ObjectiveDonor preconditioning by fenoldopam is demonstrated to improve graft function in recipients. Involvement of hypoxia-inducible factor-1alpha (HIF-1α) and heme oxygenase-1 (HO-1) in renoprotection after fenoldopam pretreatment was investigated. MethodsDonor Sprague-Dawley (SD) rats were intravenously treated with fenoldopam (5 μg/kg · min), Sch23390 (10 μg/kg · min), or fenoldopam + Sch23390 for 1 hour. Kidneys experiencing 24 hours of cold preservation were transplanted into syngeneic SD recipients. Ten days after transplantion, serum concentrations of creatinine (sCR), blood urea nitrogen (BUN), interleukin (IL)-8, and tumor necrosis factor (TNF)-α in recipient were determined.
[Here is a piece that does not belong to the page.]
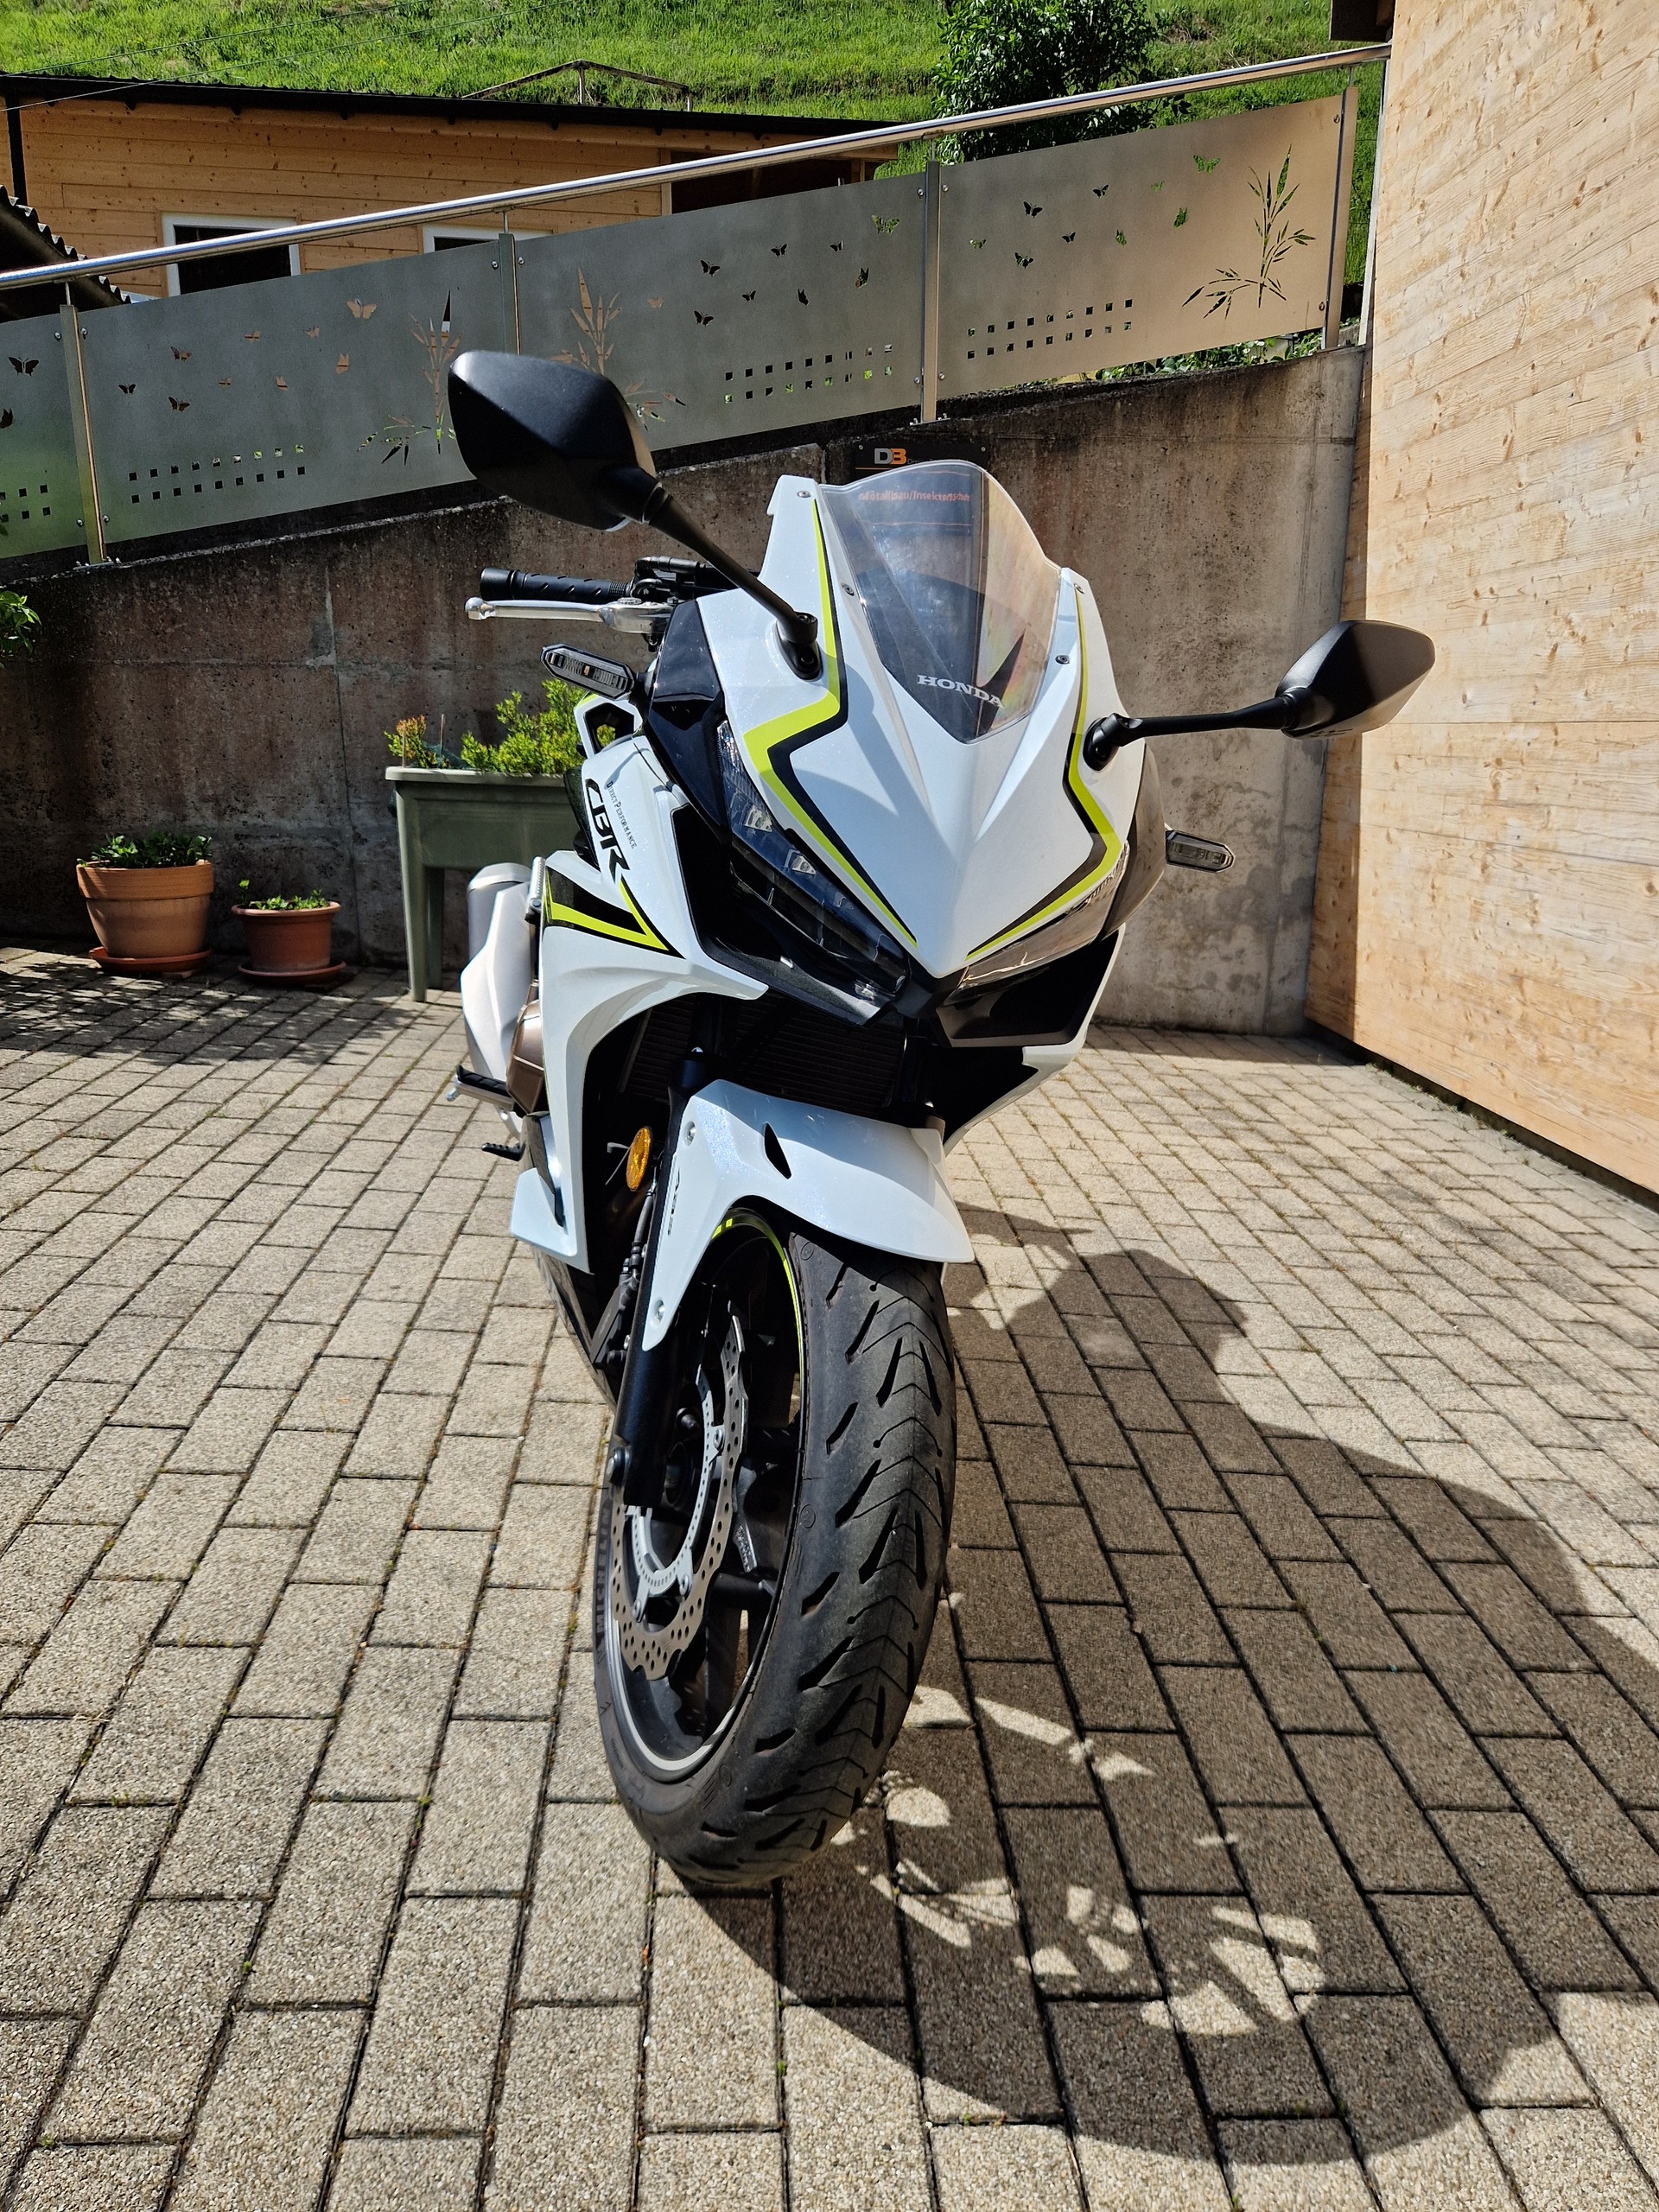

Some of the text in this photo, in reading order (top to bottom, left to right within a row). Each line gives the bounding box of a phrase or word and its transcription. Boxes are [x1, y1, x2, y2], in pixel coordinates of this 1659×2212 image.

Grafts were procured for histopathological examination, apoptosis analysis, and measurements of malondialdehyde and total superoxide dismutase activities; meanwhile, both protein level and mRNA level of HIF-1α and HO-1 were assessed. ResultsFenoldopam preconditioning significantly decreased the serum concentrations of sCR, BUN, IL-8, and TNF-α in recipients. Low apoptosis rate and reduced oxidative stress were found in these grafts. Increased HIF-1α activation and HO-1 expression were observed in fenoldopam pretreatment group. Sch23390 partly inhibited the effects of fenoldopam in the combination group. ConclusionDonor preconditioning by fenoldopam exerts renoprotection in grafts, at least in part, through HIF-1α activation and HO-1 expression. This provides a preference for further studies.